I'm gonna have to go with the black tea-infused vodka created by the mad geniuses at Infusions of Grandeur. Yes, I know, I have a long and storied history of eating awful things just to see what they taste like, but that black tea... It was like all the bitter astringency of tea combined with all the hot, sweaty bits of alcohol I don't like, and even now I cringe to think about it.
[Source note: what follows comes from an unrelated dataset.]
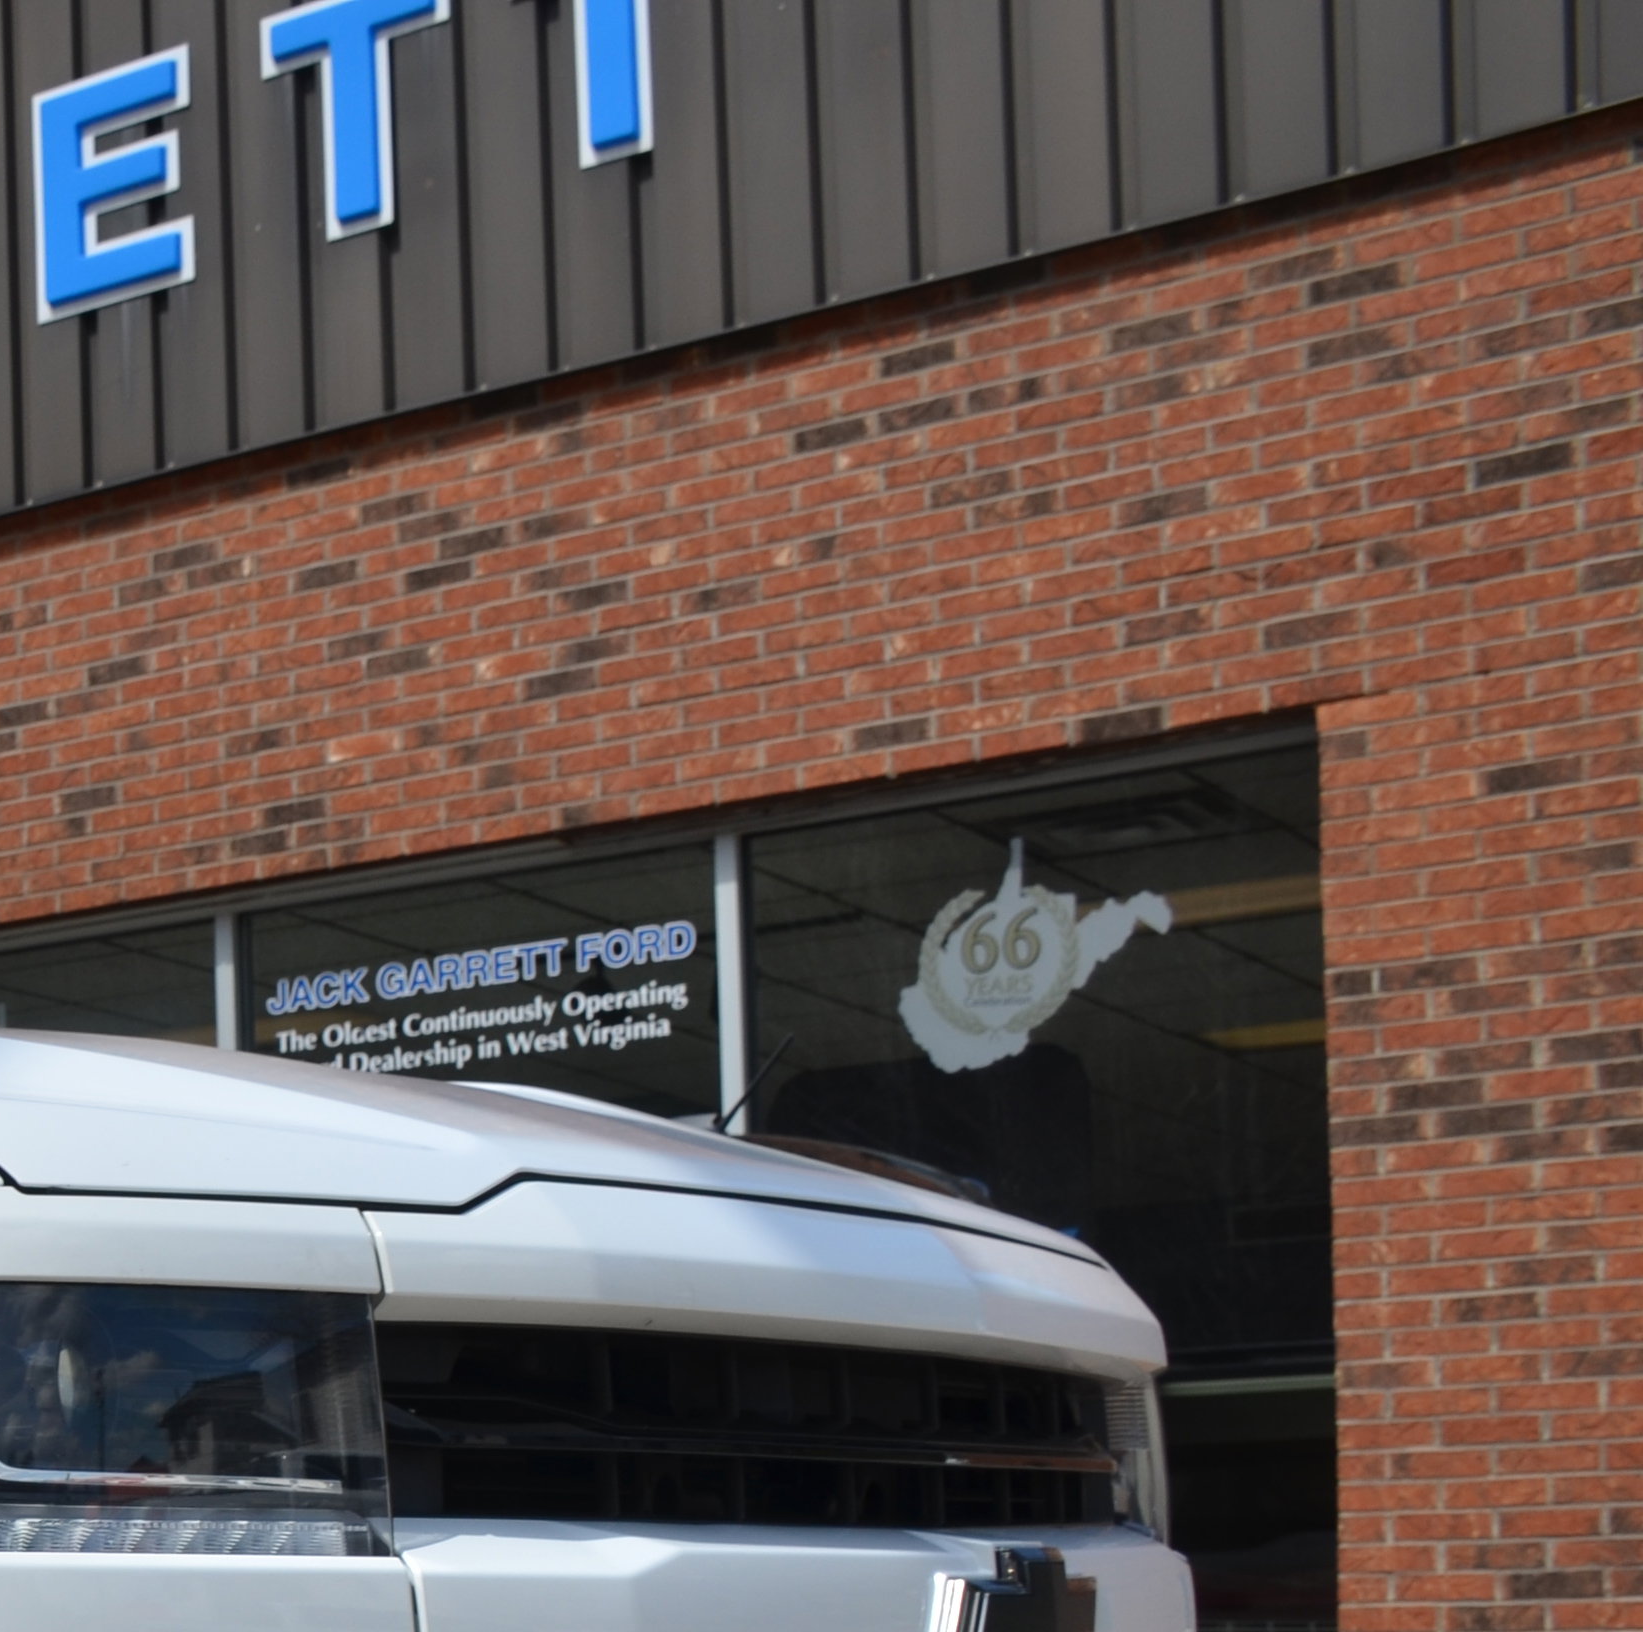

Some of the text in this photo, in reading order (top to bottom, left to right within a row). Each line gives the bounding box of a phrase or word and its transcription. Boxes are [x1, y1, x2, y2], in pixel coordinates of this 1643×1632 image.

Actually, no, retract that. The worst thing I ever tasted was Mashed Potato Soda. I'll quote from my own review:"You would think that a bland flavor like Mashed Potato wouldn't be the worst of the bunch, but immediately after the '1... 2... 3... swig!' we had everyone hunched over, gagging. You couldn't even taste the soda - just this fake, overwhelming waxy butter scent, like a cheap vanilla candle you'd scoop out of the K-Mart bargain bin dipped in rancid popcorn butter, spiked with the chemical ammonia scent of artificial sugar. If that was the case, it would fade, but this stuff stuck to your tongue like flypaper, coating it like syrup, so within seconds everyone was being suffocated by the cloying taste and smacking their lips like a dog eating peanut butter. It didn't help. We clutched our throats like we had offended Darth Vader, feeling this mockery of a taste climb onto our tastebuds and hump it while we scrambled for water. Like the green bean casserole, it might have been okay as a carbonated version of the original, but for some unGodly reason they decided to make it sweet. Lord help us." What I didn't mention is that this taste would reappear at random throughout the night, like the Tsavo man-eating lions, thanks to the carbonation involved. One little burp, and your mouth would be refilled with chemical napalm, as though it had never left.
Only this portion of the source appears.